社説/17年版水循環白書−水害に備え、BCP策定を急げ

(2017/6/6 05:00)

夏から秋にかけて毎年のように集中豪雨や台風による被害が発生している。水害への備えは極めて重要であり、企業も改めて必要な備品の点検や洪水ハザードマップを確認し、事業継続計画(BCP)を精査したい。

政府がまとめた2017年版「水循環白書」はここ数年、大きな水害が発生していると指摘する。15年9月の関東・東北豪雨や、16年8月に相次いで北海道などに上陸した台風による被害は、今でも記憶に新しい。

短時間に強い雨が降る回数や、1日当たり100ミリメートル以上の雨が降る日数も増えている。地球温暖化に伴う気候変動の疑いが指摘される。洪水の発生頻度が高まることが予想され、行政任せではなく、企業も含めた社会全体で洪水に備えるという意識改革が重要だ。

都市部ではアスファルトやコンクリートによる舗装により、土壌に浸透する雨水が減る一方で、“ゲリラ豪雨”による中小河川の氾濫や市街地の浸水など「都市型水害」が頻発している。雨水の貯留施設や放水路、下水道の整備が必要だ。

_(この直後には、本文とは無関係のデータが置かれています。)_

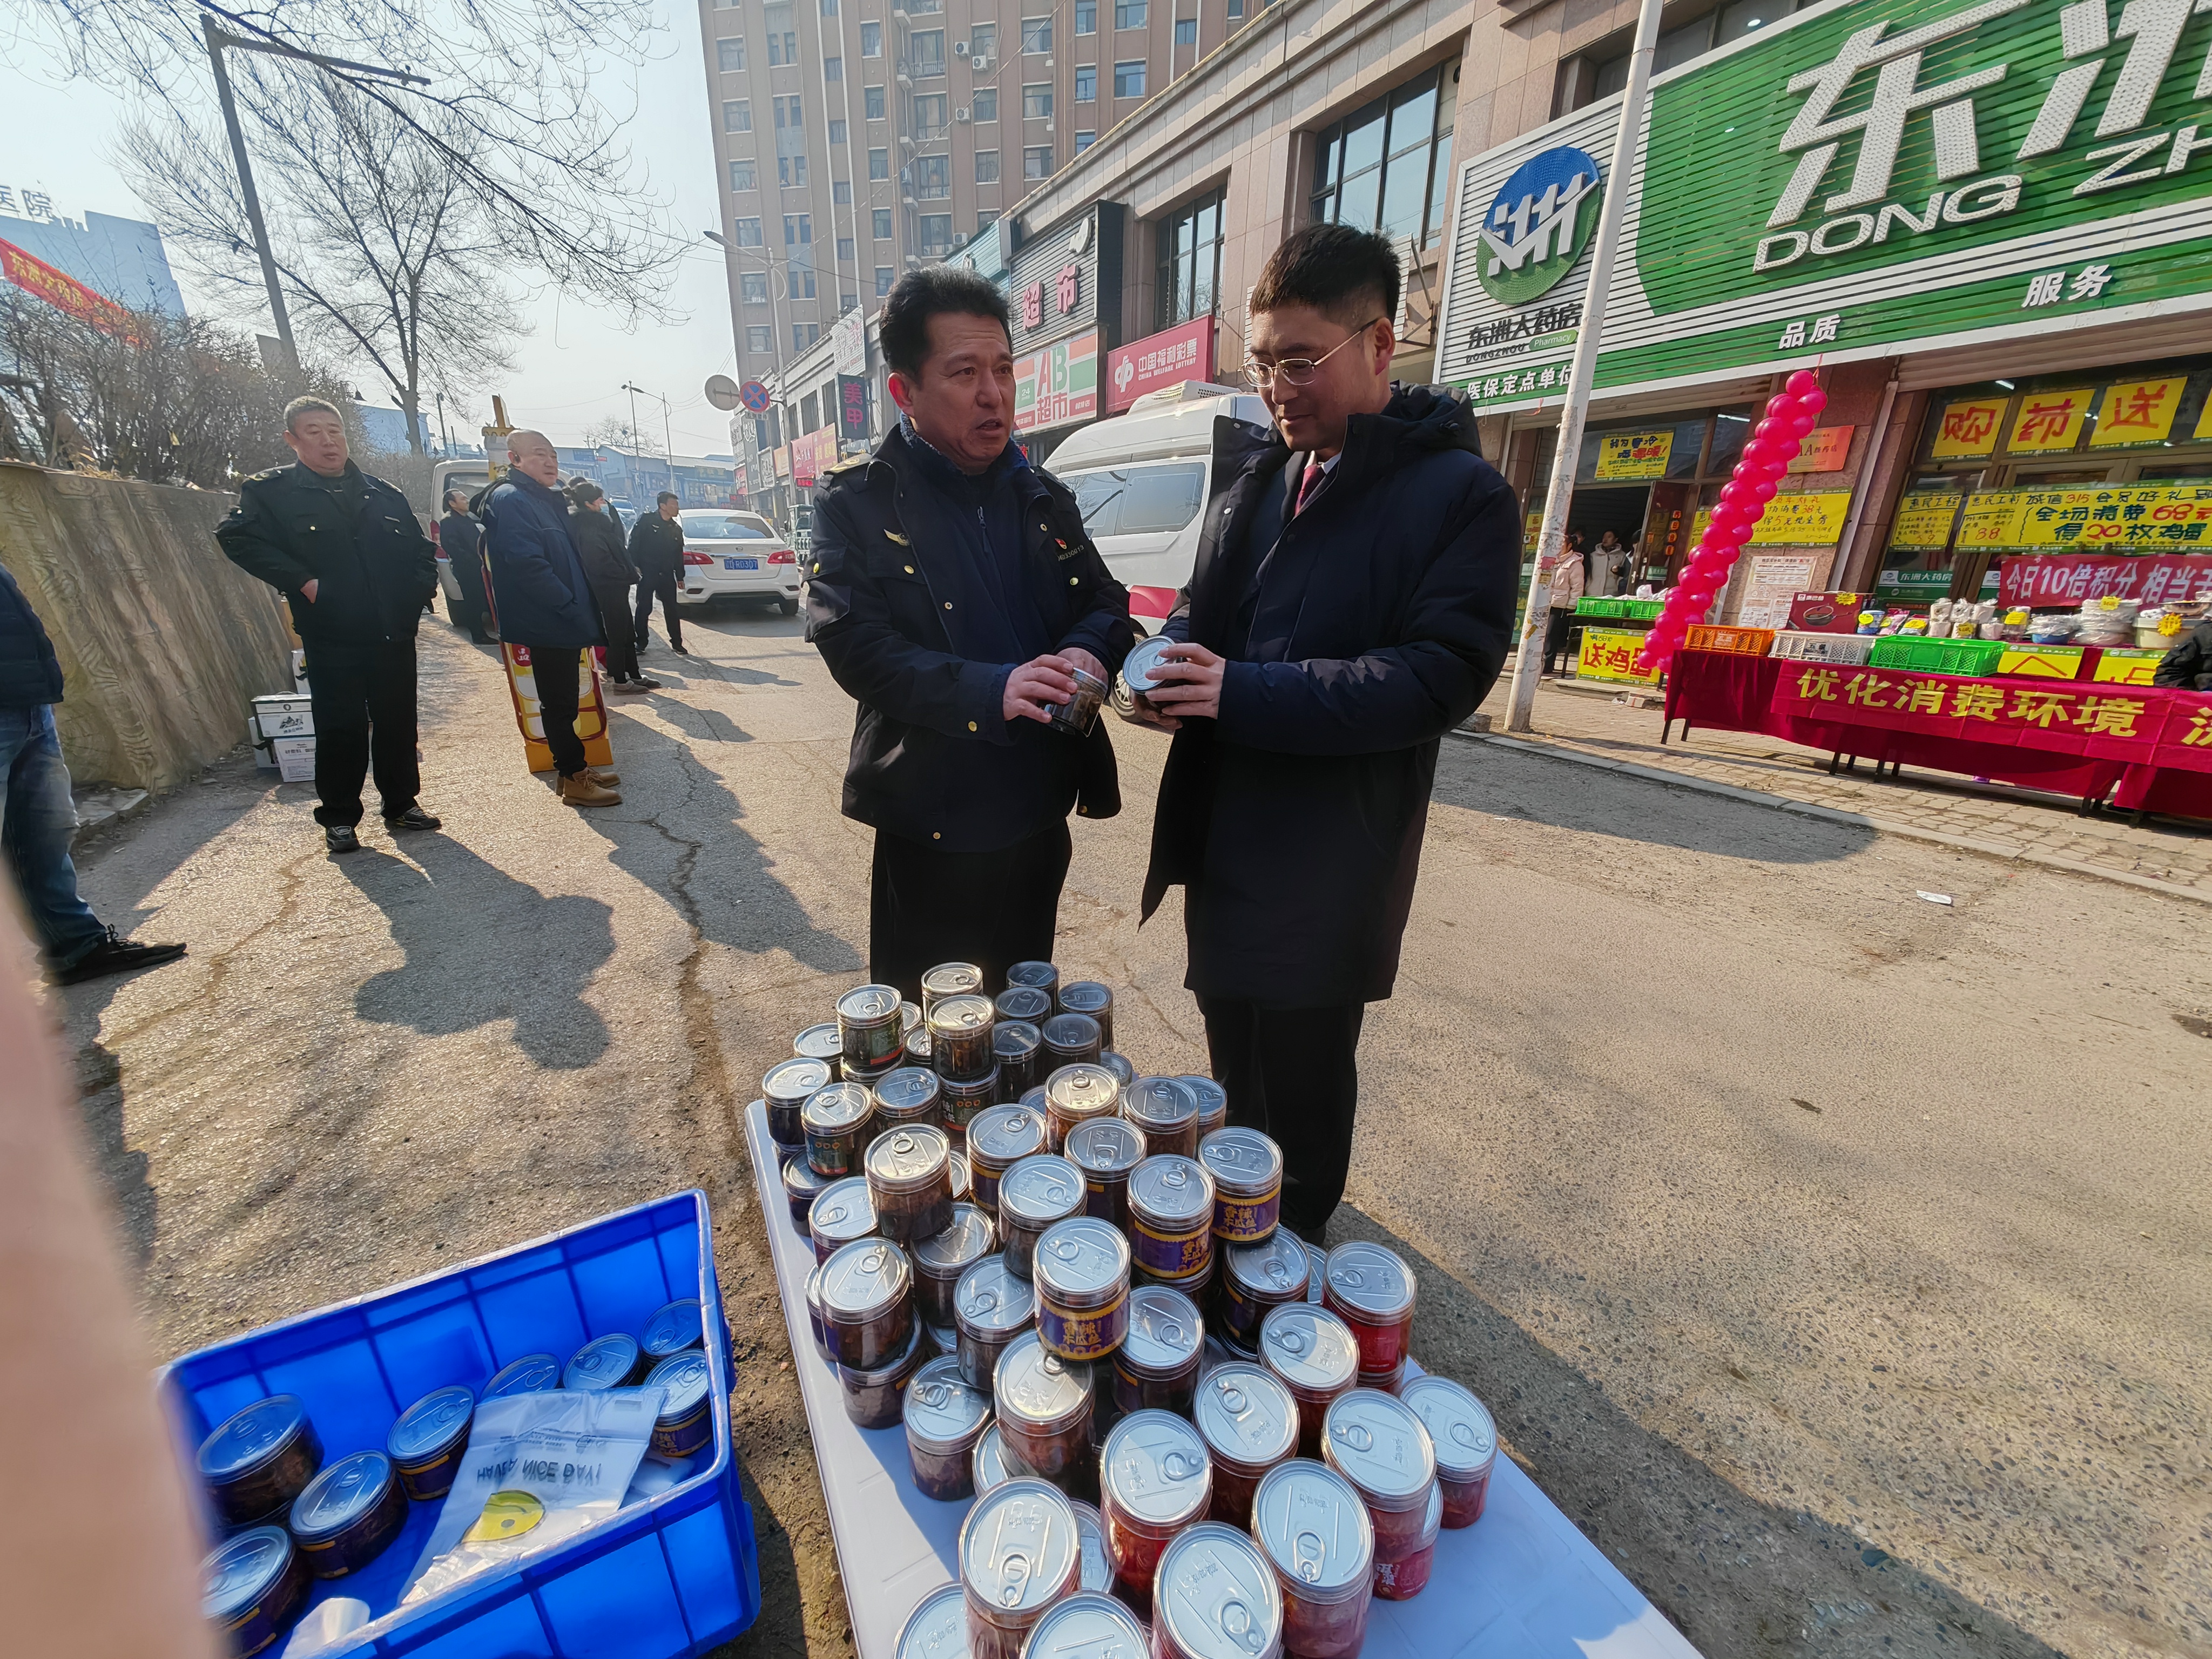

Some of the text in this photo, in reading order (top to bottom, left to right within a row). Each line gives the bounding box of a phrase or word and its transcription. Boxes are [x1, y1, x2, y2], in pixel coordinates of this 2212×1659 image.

[1753, 174, 2022, 273] DONG
[1022, 263, 1078, 332] 超市
[1778, 263, 2113, 350] 品质 服务
[1468, 302, 1584, 349] 东洲大药房
[1138, 338, 1197, 373] 中国福利彩票
[1138, 356, 1196, 381] CHINA WELFARE LOTTERY
[1466, 333, 1572, 363] DONGZHOU Pharmacy
[1037, 345, 1068, 397] AB
[1467, 363, 1573, 400] 医保定点单位
[844, 381, 863, 430] 美甲
[1037, 392, 1068, 425] 超市
[2053, 522, 2208, 541] 得20枚鸡蛋
[2006, 562, 2137, 602] 今日10倍积分
[1796, 667, 2146, 737] 优化消费环境

政府は全国で水害が多発していることに対応し、水防法を一部改正した。全国で自治体や河川管理者などが地域で連携し、洪水などに備える協議会の設置を求めている。こうした取り組みでは、地域での企業の役割も重要になる。

例えば宮城県の名取川・阿武隈川下流域の減災対策協議会では、洪水時に工場を地域住民の避難場所として活用できるように取り決めた。アイリスオーヤマ、ケーヒンなどが、地元自治体と災害避難者の受け入れで協定を結んだ。

BCPをまだ策定していない企業は、今すぐ取り組んでほしい。内閣府の15年度の調査によると、BCP策定率は大企業が約6割、中堅企業が約3割。今はもう少し策定率が高まっているだろうが、災害が頻発する日本において極めて低い割合だといえよう。

平時の取り組みが緊急時の被害を小さくする。雨期が本格化する前に、十分な防災対策を行っておきたい。